Image-backed grounding data:

—————

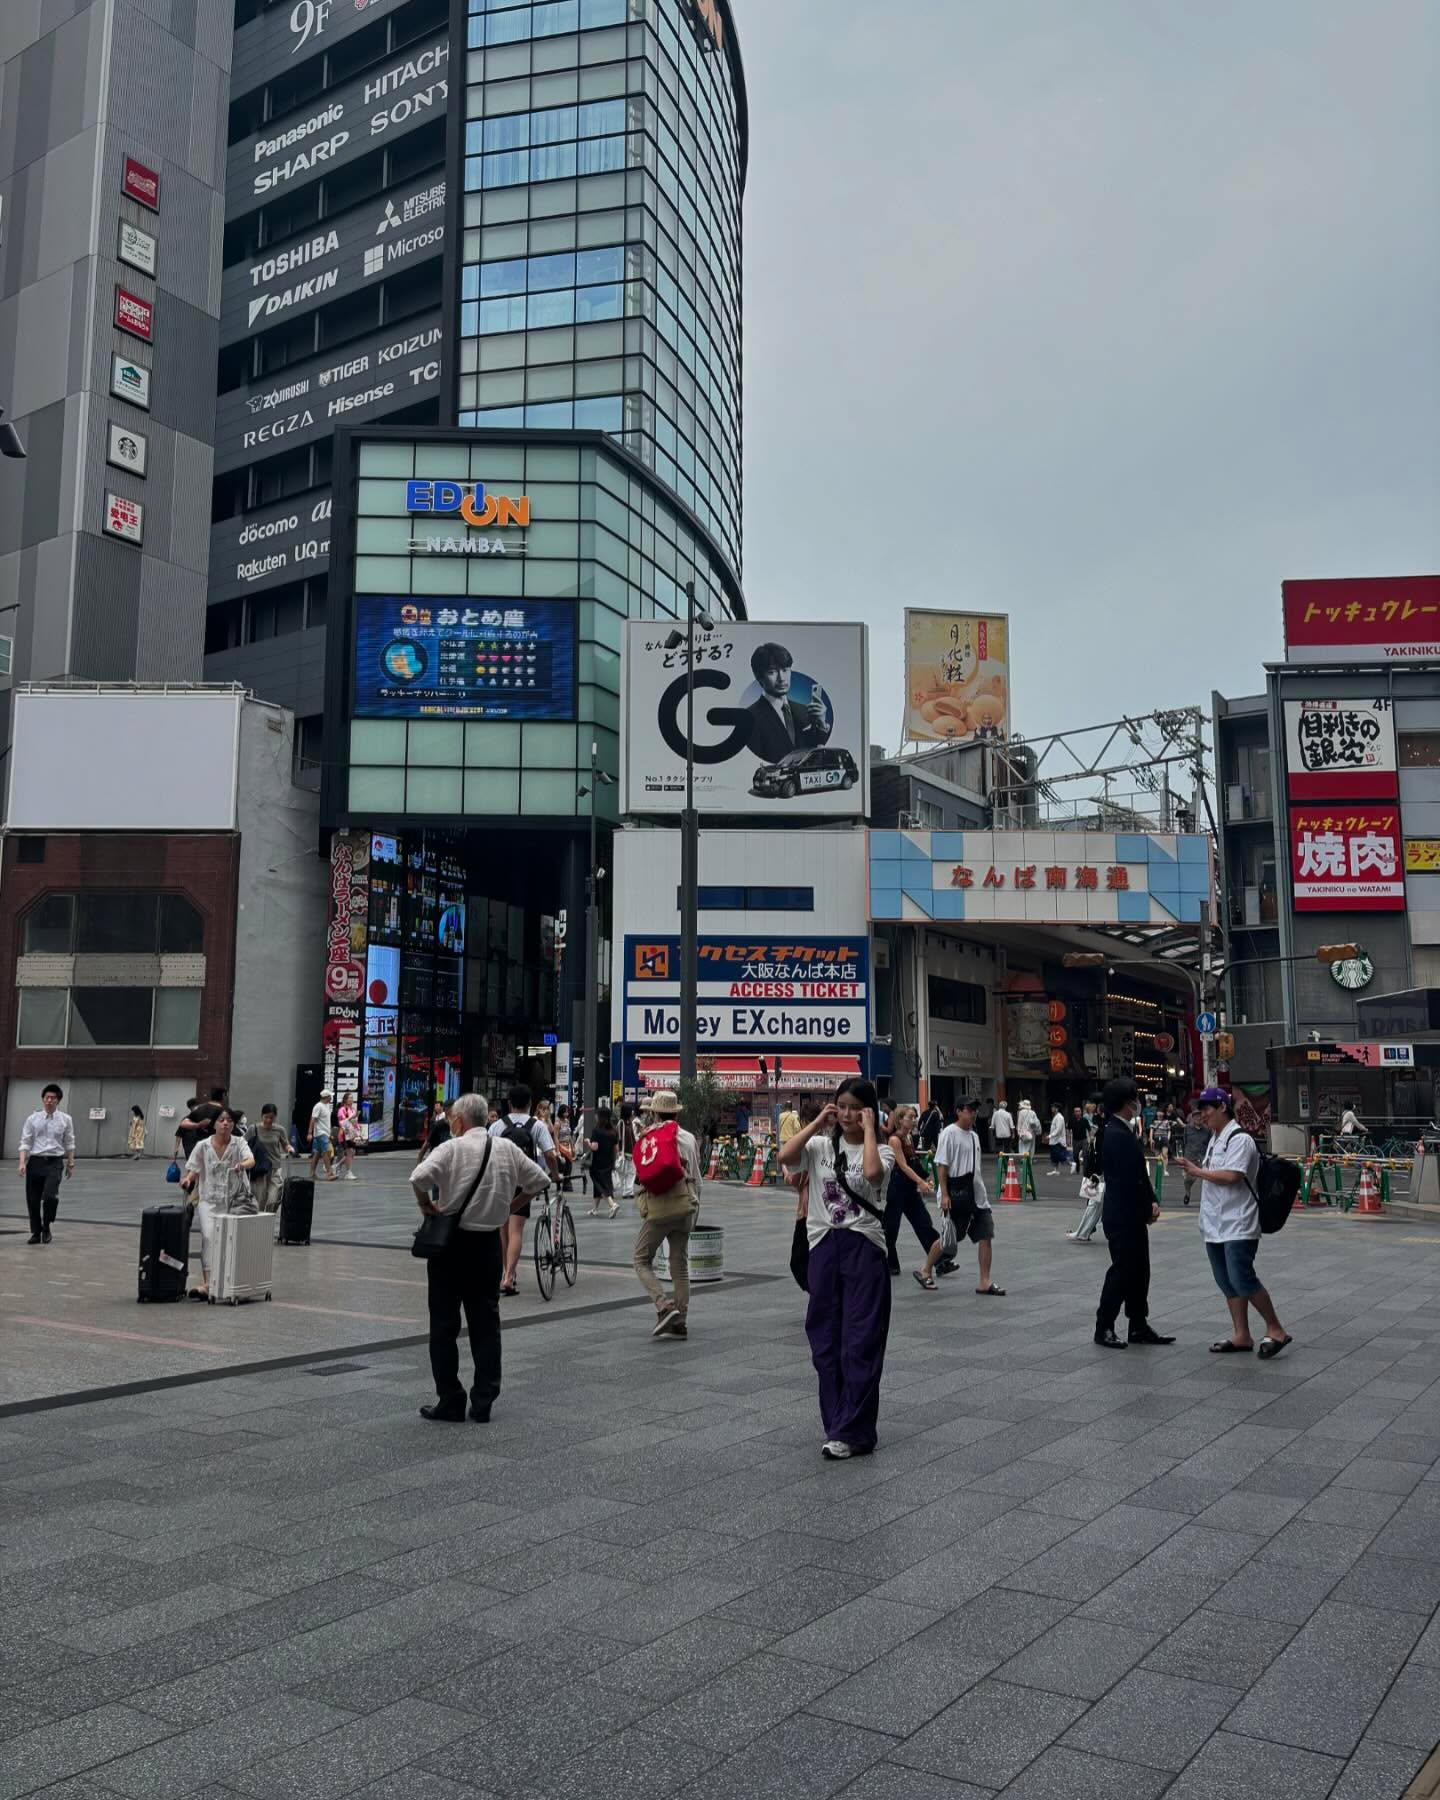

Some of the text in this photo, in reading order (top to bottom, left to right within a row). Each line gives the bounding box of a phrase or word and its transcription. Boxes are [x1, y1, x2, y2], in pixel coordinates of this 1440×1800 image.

[290, 0, 332, 54] 9F
[370, 79, 448, 135] SONY
[254, 104, 343, 162] Panasonic
[254, 131, 349, 195] SHARP
[250, 230, 339, 286] TOSHIBA
[265, 268, 338, 316] DAIKIN
[331, 355, 369, 383] TIGER
[327, 382, 394, 417] Hisense
[243, 409, 314, 449] REGZA
[406, 480, 530, 527] EDION
[239, 514, 298, 545] docomo
[294, 540, 317, 562] UQ
[426, 536, 506, 553] NAMBA
[237, 553, 287, 581] Rakuten
[437, 608, 526, 628] おとめ座
[1372, 700, 1391, 711] 4F
[1302, 712, 1380, 740] 目利きの
[1305, 737, 1365, 768] 銀次
[665, 775, 713, 784] タクシアプリ
[803, 774, 822, 785] TAXI
[1297, 831, 1396, 877] 焼肉
[952, 864, 1130, 890] なんば南海通
[1307, 885, 1345, 893] YAKINIKU
[1358, 885, 1391, 893] WATAMI
[741, 963, 857, 980] 大阪なんば本店
[730, 983, 859, 998] ACCESS TICKET
[644, 1008, 851, 1038] Moey EXchange
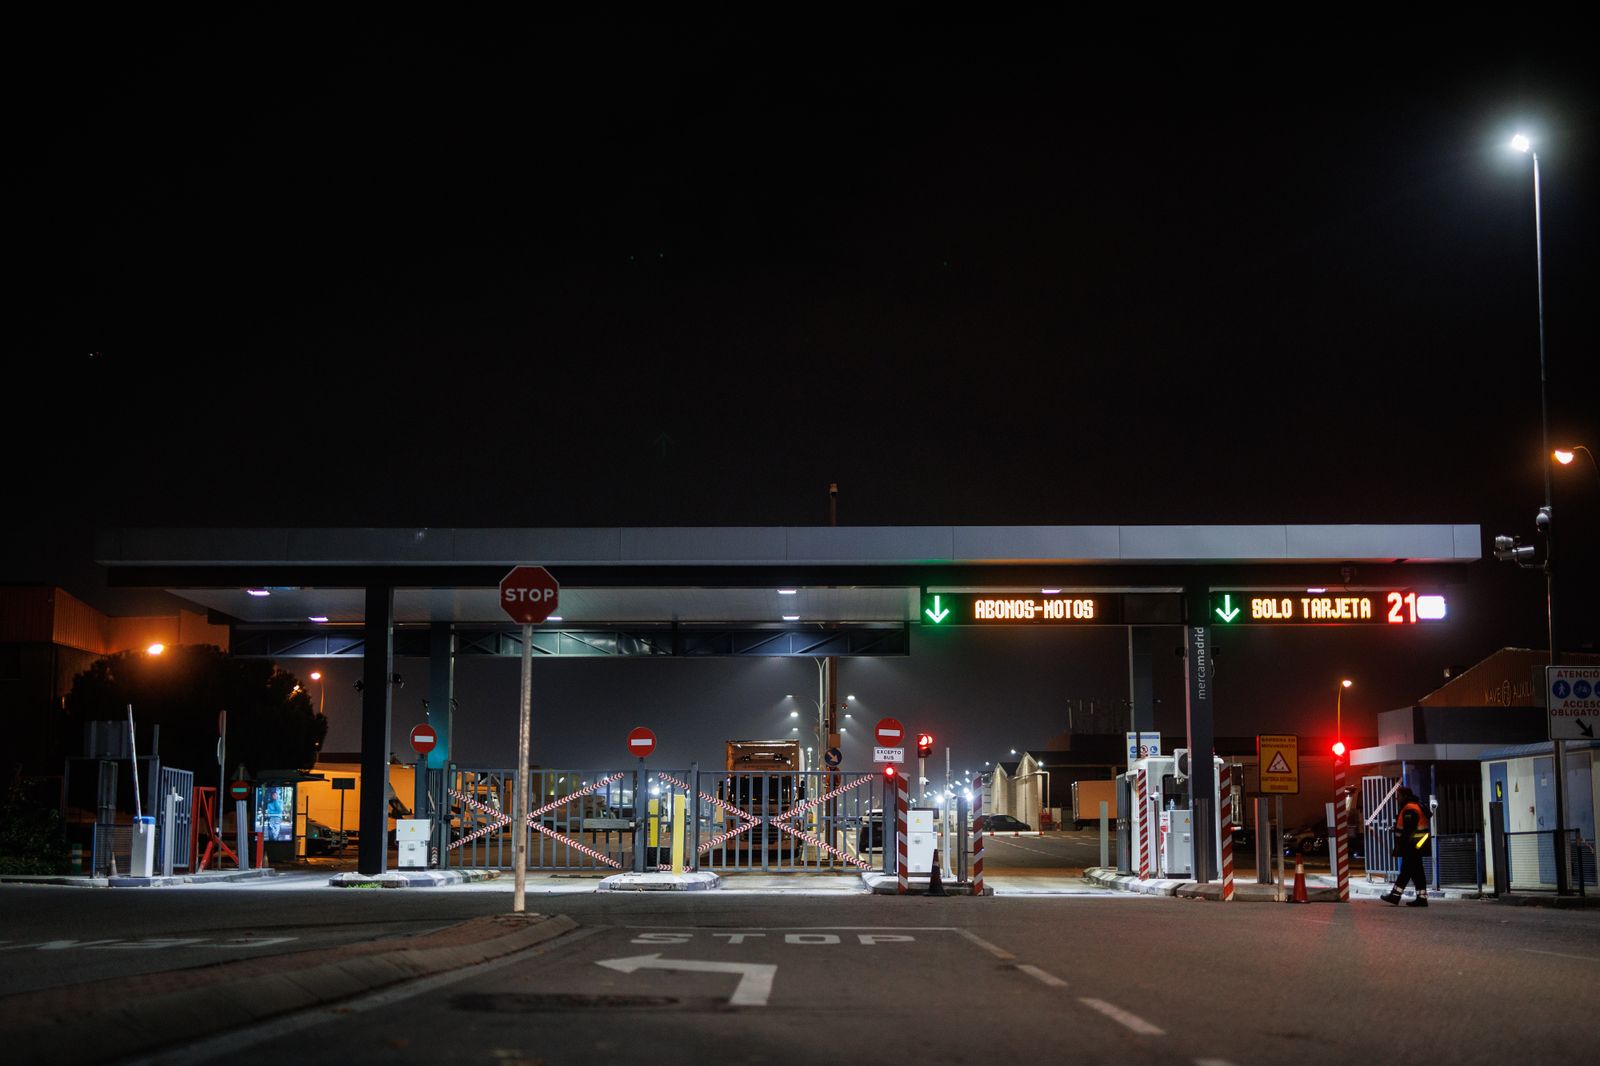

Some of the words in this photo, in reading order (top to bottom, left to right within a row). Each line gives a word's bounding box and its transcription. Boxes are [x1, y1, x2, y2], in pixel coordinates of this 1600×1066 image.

[505, 588, 555, 602] STOP
[975, 599, 1094, 619] ABONOS-MOTOS
[1251, 598, 1293, 619] SOLO
[1301, 598, 1372, 619] TARJETA
[1387, 592, 1417, 623] 21
[1194, 626, 1206, 700] mercamadrid
[630, 932, 916, 945] STOP

—————

• Work order
The finished copy should match the data above word for word and contain no pictures.

• Response
Some of the text in this photo, in reading order (top to bottom, left to right within a row). Each line gives the bounding box of a phrase or word and its transcription. Boxes are [x1, y1, x2, y2], in pixel coordinates of this 1440×1800 image.

[290, 0, 332, 54] 9F
[370, 79, 448, 135] SONY
[254, 104, 343, 162] Panasonic
[254, 131, 349, 195] SHARP
[250, 230, 339, 286] TOSHIBA
[265, 268, 338, 316] DAIKIN
[331, 355, 369, 383] TIGER
[327, 382, 394, 417] Hisense
[243, 409, 314, 449] REGZA
[406, 480, 530, 527] EDION
[239, 514, 298, 545] docomo
[294, 540, 317, 562] UQ
[426, 536, 506, 553] NAMBA
[237, 553, 287, 581] Rakuten
[437, 608, 526, 628] おとめ座
[1372, 700, 1391, 711] 4F
[1302, 712, 1380, 740] 目利きの
[1305, 737, 1365, 768] 銀次
[665, 775, 713, 784] タクシアプリ
[803, 774, 822, 785] TAXI
[1297, 831, 1396, 877] 焼肉
[952, 864, 1130, 890] なんば南海通
[1307, 885, 1345, 893] YAKINIKU
[1358, 885, 1391, 893] WATAMI
[741, 963, 857, 980] 大阪なんば本店
[730, 983, 859, 998] ACCESS TICKET
[644, 1008, 851, 1038] Moey EXchange

Some of the words in this photo, in reading order (top to bottom, left to right within a row). Each line gives a word's bounding box and its transcription. Boxes are [x1, y1, x2, y2], in pixel coordinates of this 1600×1066 image.

[505, 588, 555, 602] STOP
[975, 599, 1094, 619] ABONOS-MOTOS
[1251, 598, 1293, 619] SOLO
[1301, 598, 1372, 619] TARJETA
[1387, 592, 1417, 623] 21
[1194, 626, 1206, 700] mercamadrid
[630, 932, 916, 945] STOP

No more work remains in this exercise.